3.6. Correlation Analysis
A Spearman correlation analysis was performed to assess the relationship between bacterial genera, amino acids, and fatty acids in the muscles of Hu lambs (Figure 7a,b). Glucogenic amino acids were positively correlated with the [Eubacterium]_ruminantium_group, lachnospiraceae_NK4A136_group, saccharofermentans, pseudobutyrivibrio, butyrivibrio, and unclassified_bifidobacteriaceae (p < 0.05). The [Ruminococcus]_gauvreauii_group was positively correlated with neutra, unpolar, aroma, bothGK, and alkal (p < 0.05). Unclassified_bifidobacteriaceae and the [eubacterium]_nodatum_group were positively correlated with Aroma and BothGK (p < 0.05). Alloprevotella was positively correlated with alkal (p < 0.05). N-6 fatty acid was negatively correlated with ruminococcus (p < 0.05). MUFAs were negatively correlated with succiniclasticum and unclassified_Selenomonadaceae (p < 0.05) and positively correlated with unclassified_Bacteria (p < 0.05). Unclassified_selenomonadaceae was negatively correlated with N-3 and UFAs (p < 0.05).
A Spearman correlation analysis was conducted to assess the relationship between the bacterial genera and the flavor substances in the muscles of Hu lambs (Figure 7c). 2,5,8,11,14,17-Hexaoxaoctadecane was positively correlated with syntrophococcus, roseburia, and unclassified-clostridia-UCG-014 (p < 0.05), while 2,5,8,11,14,17-Hexaoxaoctadecane was negatively correlated with prevotella, unclassified_lachnospiraceae, pseudobutyrivibrio, saccharofermentans, and unclassified-alphaproteobacteria (p < 0.01). Saccharofermentansb and prevotellaceae-UCG-001 were found to exhibit statistically significant negative correlations with Naphthalene, 3-buten-1-ol, 3-methyl-, and methyl(methyl-4-deoxy-2-O-methyl.beta.l-threo-hex-4-enolpyranosid)uronate, respectively (p < 0.05), and styrene demonstrated a similar negative correlation with treponem (p < 0.05). Phenyl-β-D-glucoside was noted to have a positive correlation with the genes SP3_e08, Prevotellaceae_UCG_001, succinivibrionaceae_UCG_002, and prevotellaceae_YAB2003_group (p < 0.05), while it exhibited a negative correlation with the genera solobacterium, sharpea, and syntrophococcus (p < 0.05). Pentadecane and methyl tetradecanoate were found to have a positive correlation with SP3_e08, moryella, and succinivibrionaceae_UCG_002 (p < 0.05). Additionally, pentadecane was positively correlated with Prevotella (p < 0.05), and methyl tetradecanoate was positively correlated with prevotellaceae_UCG_003 and ruminococcus (p < 0.05).

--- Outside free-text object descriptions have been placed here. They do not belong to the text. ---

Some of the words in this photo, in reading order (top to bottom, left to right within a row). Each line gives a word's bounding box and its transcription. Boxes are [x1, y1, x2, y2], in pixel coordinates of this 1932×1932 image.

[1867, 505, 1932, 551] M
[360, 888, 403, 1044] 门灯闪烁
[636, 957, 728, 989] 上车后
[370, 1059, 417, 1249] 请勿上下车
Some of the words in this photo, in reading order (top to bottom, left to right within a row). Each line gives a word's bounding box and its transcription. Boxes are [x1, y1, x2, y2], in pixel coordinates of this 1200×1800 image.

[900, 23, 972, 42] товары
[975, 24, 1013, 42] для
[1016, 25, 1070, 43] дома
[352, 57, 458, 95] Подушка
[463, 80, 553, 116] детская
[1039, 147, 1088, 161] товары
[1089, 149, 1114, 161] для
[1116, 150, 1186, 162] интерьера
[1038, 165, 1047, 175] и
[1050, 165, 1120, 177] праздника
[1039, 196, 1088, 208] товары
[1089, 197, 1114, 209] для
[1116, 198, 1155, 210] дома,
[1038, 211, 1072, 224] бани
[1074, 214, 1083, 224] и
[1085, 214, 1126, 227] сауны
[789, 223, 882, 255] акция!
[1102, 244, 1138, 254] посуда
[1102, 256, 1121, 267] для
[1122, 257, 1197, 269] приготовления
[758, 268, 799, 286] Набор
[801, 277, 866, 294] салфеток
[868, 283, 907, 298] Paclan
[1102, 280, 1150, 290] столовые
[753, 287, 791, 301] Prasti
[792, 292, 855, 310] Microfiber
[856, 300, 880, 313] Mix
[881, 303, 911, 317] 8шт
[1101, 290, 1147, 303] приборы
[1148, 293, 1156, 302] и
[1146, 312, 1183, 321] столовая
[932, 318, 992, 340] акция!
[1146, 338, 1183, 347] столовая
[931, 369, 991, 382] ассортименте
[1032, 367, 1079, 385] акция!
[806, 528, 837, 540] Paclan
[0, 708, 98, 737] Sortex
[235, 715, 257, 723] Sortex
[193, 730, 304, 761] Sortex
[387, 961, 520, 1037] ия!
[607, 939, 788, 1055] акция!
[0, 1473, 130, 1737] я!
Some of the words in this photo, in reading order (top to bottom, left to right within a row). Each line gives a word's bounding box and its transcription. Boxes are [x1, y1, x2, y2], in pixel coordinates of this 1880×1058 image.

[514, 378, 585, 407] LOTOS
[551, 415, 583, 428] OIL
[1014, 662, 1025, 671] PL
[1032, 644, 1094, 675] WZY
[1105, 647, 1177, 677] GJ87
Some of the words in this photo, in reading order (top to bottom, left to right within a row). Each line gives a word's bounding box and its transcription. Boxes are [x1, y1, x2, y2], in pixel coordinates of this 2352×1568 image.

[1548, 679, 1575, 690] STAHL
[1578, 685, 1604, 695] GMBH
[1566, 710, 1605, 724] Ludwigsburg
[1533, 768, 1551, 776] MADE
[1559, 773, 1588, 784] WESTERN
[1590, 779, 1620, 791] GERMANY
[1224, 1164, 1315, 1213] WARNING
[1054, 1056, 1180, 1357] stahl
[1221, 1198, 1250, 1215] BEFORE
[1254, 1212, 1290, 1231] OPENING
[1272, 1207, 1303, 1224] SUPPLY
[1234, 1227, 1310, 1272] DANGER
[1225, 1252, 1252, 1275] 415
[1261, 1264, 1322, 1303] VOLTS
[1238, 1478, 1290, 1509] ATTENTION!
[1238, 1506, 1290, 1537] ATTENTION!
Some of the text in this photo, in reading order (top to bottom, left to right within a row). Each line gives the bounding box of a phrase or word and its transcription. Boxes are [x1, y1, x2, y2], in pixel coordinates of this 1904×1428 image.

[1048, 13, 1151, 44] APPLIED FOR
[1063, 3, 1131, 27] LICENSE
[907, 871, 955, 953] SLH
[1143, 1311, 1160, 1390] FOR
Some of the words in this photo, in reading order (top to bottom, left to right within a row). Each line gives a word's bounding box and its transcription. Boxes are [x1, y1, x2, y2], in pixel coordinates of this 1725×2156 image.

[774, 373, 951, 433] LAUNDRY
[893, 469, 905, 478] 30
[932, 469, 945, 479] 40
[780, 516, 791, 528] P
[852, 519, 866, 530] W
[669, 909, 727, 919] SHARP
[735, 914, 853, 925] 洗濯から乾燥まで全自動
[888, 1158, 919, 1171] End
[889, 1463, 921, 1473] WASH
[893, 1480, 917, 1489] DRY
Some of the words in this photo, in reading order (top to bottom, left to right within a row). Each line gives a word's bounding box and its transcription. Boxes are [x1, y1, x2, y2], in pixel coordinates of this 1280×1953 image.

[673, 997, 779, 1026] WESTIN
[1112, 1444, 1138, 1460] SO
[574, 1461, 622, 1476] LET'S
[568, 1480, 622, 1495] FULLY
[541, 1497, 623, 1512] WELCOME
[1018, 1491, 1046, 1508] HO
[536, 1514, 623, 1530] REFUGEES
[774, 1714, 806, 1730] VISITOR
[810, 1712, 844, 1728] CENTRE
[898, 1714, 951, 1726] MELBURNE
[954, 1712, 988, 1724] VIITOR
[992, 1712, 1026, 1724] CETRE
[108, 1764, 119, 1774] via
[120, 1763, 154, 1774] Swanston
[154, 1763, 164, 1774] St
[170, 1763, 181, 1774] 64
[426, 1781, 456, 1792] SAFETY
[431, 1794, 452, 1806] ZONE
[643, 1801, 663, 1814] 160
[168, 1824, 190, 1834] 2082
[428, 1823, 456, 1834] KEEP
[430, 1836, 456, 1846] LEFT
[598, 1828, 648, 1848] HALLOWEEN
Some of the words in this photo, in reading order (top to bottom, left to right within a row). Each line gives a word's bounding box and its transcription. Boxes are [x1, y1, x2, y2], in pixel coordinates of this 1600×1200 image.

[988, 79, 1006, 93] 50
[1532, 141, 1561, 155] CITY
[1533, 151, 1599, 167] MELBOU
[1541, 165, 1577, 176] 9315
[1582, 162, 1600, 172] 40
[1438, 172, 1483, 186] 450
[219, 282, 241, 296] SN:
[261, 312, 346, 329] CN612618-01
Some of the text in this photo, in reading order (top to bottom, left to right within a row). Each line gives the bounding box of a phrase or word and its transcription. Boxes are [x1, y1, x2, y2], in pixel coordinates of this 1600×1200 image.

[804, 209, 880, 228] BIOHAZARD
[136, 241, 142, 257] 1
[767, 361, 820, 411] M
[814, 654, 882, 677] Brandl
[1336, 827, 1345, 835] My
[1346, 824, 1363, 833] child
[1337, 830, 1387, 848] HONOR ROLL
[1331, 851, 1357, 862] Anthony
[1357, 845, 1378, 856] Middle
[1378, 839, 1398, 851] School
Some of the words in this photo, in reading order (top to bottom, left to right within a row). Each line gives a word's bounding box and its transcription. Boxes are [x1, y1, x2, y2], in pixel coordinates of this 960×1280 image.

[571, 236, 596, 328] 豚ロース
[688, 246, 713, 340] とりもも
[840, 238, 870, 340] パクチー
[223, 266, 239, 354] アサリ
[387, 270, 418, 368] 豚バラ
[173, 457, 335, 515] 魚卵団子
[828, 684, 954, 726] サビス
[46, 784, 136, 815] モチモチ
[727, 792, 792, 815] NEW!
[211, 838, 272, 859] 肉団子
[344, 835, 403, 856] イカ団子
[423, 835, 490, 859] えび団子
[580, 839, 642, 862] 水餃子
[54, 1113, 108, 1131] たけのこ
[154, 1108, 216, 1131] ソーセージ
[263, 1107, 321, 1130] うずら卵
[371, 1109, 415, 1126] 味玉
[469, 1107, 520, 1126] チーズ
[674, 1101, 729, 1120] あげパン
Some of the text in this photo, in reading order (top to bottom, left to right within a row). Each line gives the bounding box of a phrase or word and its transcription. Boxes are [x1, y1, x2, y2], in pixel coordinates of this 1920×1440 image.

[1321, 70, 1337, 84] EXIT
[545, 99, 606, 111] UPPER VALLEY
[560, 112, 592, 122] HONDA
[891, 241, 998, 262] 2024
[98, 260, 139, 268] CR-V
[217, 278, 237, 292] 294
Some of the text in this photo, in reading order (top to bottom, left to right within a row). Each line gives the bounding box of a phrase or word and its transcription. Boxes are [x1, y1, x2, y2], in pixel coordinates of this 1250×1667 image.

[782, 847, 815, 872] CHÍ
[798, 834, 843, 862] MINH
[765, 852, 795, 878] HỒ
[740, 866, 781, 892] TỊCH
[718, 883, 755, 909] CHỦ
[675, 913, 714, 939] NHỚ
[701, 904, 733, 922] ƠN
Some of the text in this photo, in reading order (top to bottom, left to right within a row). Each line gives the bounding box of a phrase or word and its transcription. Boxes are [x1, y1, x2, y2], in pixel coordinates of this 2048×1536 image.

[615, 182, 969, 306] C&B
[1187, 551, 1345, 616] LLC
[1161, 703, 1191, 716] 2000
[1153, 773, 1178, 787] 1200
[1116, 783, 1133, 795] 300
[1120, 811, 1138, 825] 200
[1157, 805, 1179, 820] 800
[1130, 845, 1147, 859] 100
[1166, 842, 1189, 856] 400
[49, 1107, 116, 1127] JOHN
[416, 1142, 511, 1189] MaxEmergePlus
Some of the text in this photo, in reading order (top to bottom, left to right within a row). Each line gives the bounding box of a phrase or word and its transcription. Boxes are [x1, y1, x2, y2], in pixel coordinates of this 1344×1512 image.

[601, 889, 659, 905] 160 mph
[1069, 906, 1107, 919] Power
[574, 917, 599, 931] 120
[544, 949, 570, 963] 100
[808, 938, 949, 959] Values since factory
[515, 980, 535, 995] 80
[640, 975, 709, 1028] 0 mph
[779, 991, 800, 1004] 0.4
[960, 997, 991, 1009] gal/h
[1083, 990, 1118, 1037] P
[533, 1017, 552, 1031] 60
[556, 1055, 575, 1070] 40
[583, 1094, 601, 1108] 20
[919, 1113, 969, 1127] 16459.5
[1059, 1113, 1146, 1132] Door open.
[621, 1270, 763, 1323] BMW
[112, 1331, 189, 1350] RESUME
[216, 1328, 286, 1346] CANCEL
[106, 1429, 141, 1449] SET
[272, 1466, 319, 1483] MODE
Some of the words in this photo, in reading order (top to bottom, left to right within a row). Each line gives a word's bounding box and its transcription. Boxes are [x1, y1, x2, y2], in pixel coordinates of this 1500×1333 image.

A Spearman correlation analysis was conducted to assess the relationship between the rumen metabolome and amino acids in the muscles of Hu lambs (Figure 7d). 2E, 4E-undecadienoic acid, N-methyl-cyclo(L-Trp-L-Phe), 9-F1-phytoprostane, dUMP, GDP-beta-L-colitose, (2S, 4S)-p-Mentha-1(7),5-dien-2-ol, daidzin, (1R, 2R, 4R, 5S)-(+)-P-menthane-2,5-diol, fumonisin B1, succinic anhydride, and fumonisin A1 were positively correlated with glucogenic amino acids, acidic amino acids, neutral amino acids, nonpolar amino acids, aromatic amino acids, glucogenic and ketogenic amino acids, and alkaline amino acids (p < 0.05). Ethenyl acetate was positively correlated with glucogenic amino acids, neutral amino acids, aromatic amino acids, glucogenic and ketogenic amino acids, and alkaline amino acid (p < 0.05). Kadcoccilactone Q, citrusin I, sclareolide, diisopropyl sulfide, canavalioside, and 4-hydroxy-2-methyl-3-oxo-4-[(2E,6E)-farnesyl]-3,4-dihydroquinoline 1-oxide were positively correlated with glucogenic amino acids, acidic amino acids, and alkaline amino acids (p < 0.05). Fumitremorgin C, metoprolol, lupinine, germacrene A acid, butamben, docosanedioate, spisulosine, and Butacarb were negatively correlated with glucogenic amino acids, acidic amino acids, neutral amino acids, nonpolar amino acids, aromatic amino acids, glucogenic and ketogenic amino acids, and alkaline amino acids (p < 0.05). Amygdalin, meldenin, and spermidine were negatively correlated with glucogenic amino acids (p < 0.05). 13-Hydroxylupanine and heptadecanal were negatively correlated with glucogenic amino acids, neutral amino acids, aromatic amino acids, glucogenic and ketogenic amino acids, and alkaline amino acids (p < 0.05).
4. Discussion
The present study provides evidence that dietary supplementation with AMIC enhances growth performance, carcass traits, and meat quality in Hu lambs. By integrating rumen microbiome and metabolome analyses, we further reveal that these improvements may be driven by a tripartite mechanism encompassing ionic balance, microbial community restructuring, and host metabolic alterations. These findings suggest that AMIC acts not only as a nutritional supplement but also as a potential regulator of the gut–muscle interface in ruminants.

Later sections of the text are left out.